I've tried the same example putting a function call and a test around every arithmetic operation, and execution time went from ~0.2s to ~0.26s, not a big difference, although a few optimization will probably be necessary for something more complex than fibonacci's example.
Is the function call overhead so small? I didn't realize.^^
But there are other issues: the fib example is not a very good benchmark suit, because in C, general recursion is not a common paradigm. If we compare C loops to Arc tail recursive calls generated by a simple compiler instead of comparing C recursions to Arc recursions, I believe that the difference will be much larger. Because C compiler writers have spent at least 20 years on optimizing loops...
That's absolutely true. Reaching C speed with high level languages such as Lisp it's very very difficult. CMUCL and SBCL reach roughly the speed of C, but they've been developed for a long time.
As of loops speed vs. tail recursion speed, the difference shouldn't be too big.
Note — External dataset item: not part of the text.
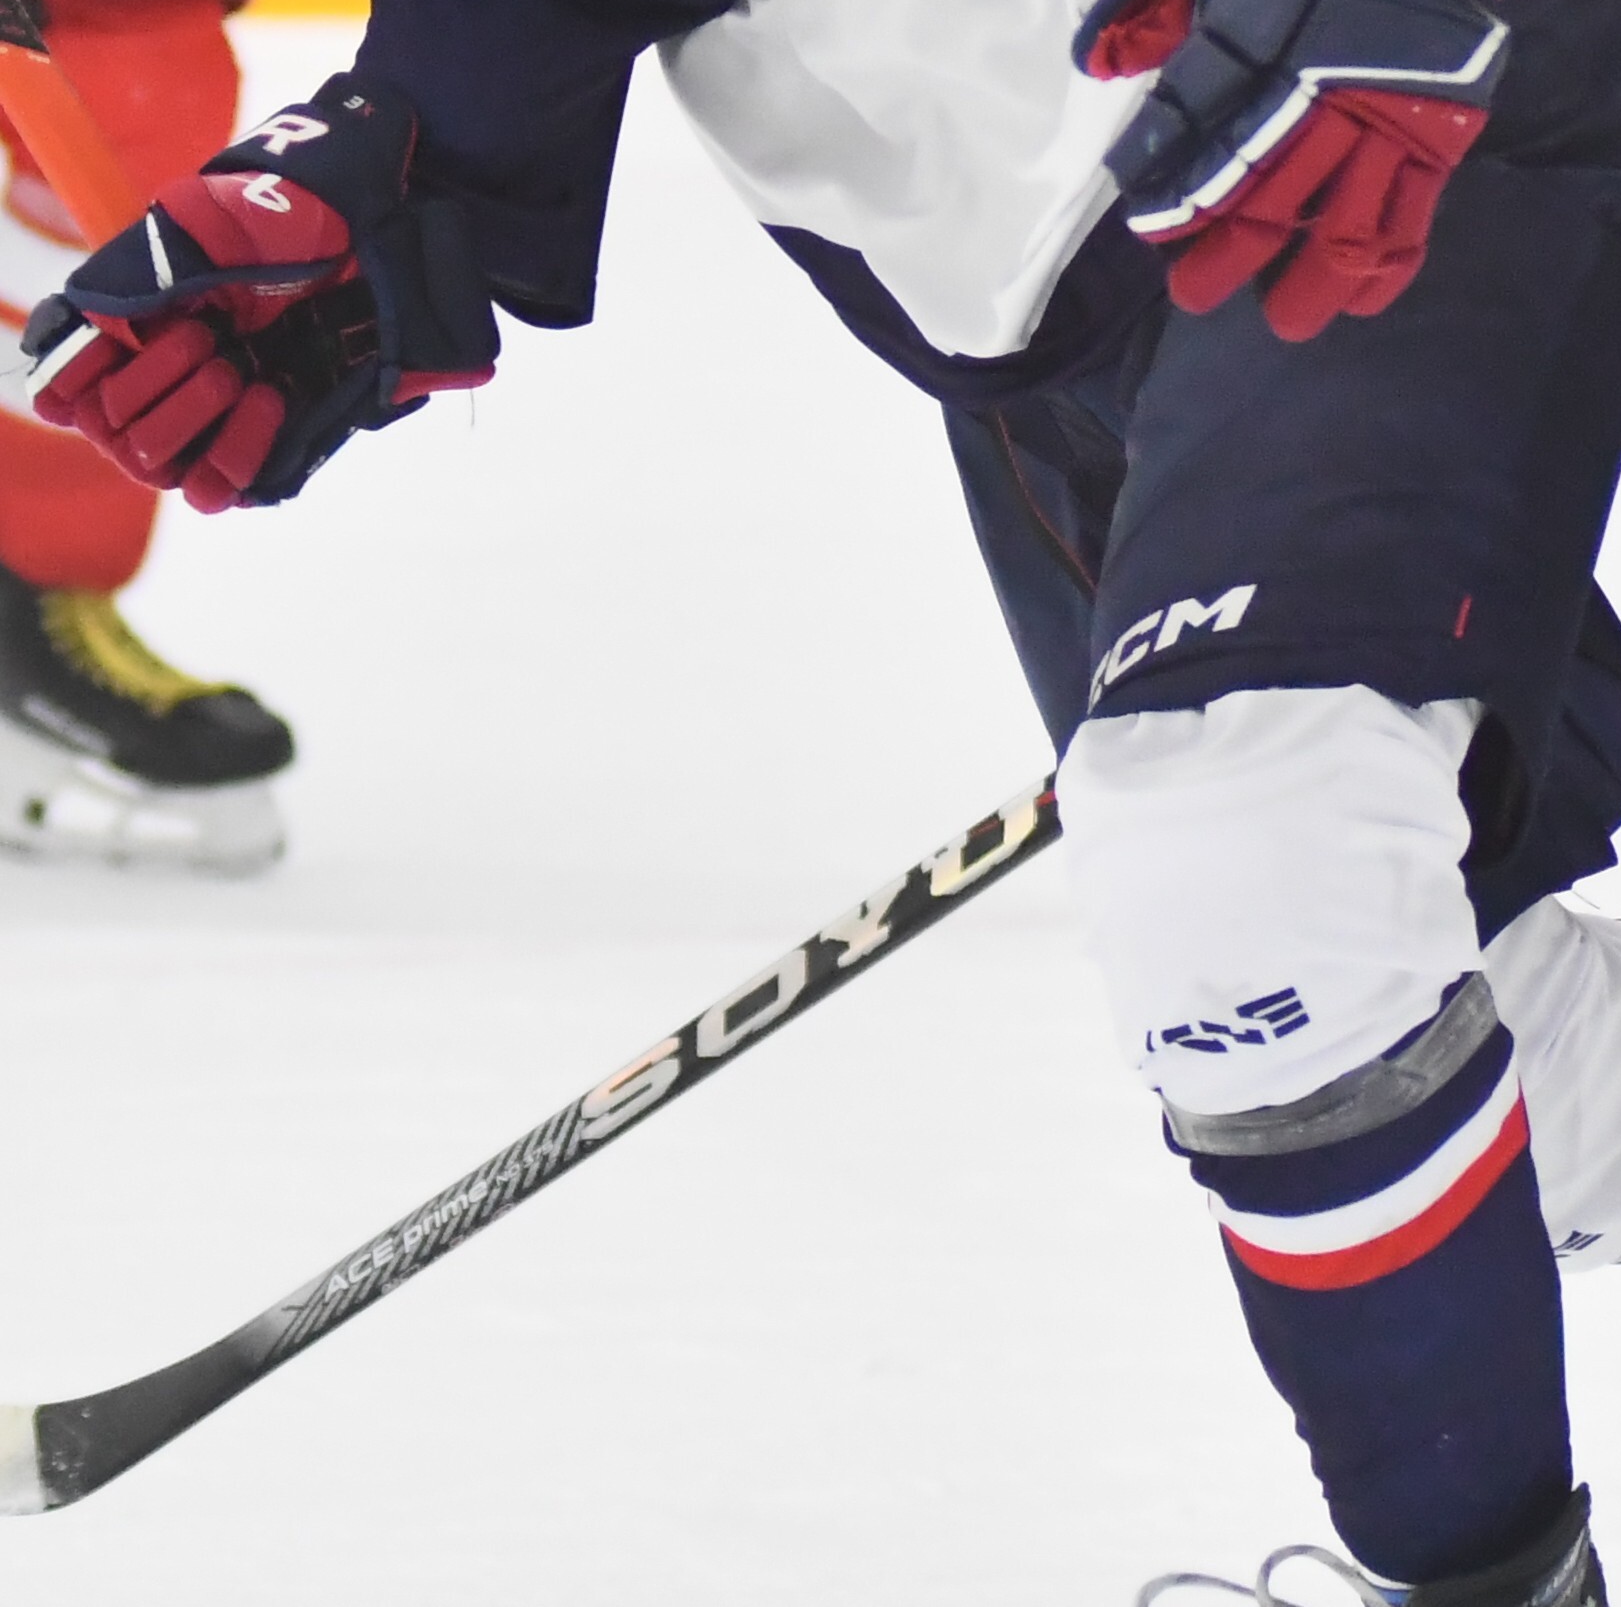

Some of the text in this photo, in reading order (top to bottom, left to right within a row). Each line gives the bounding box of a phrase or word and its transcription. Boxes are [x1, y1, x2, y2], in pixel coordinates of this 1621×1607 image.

Stalin performs as better as C in numerical programs and many other benchmarks. The most exciting thing is that unlike CL, stalin doesn't need type declarations to guide optimizations. It would infer as much type information as possible. The problems is that it compiles too slow and it's not maintained anymore.
Naively implemented tail recursions is still not fast, because many common loop optimizations can't be directly applied to them unless you eliminate the function calls and regard them as true goto's. It's a rough task because the global flow analysis is needed for eliminating as many calls as we can.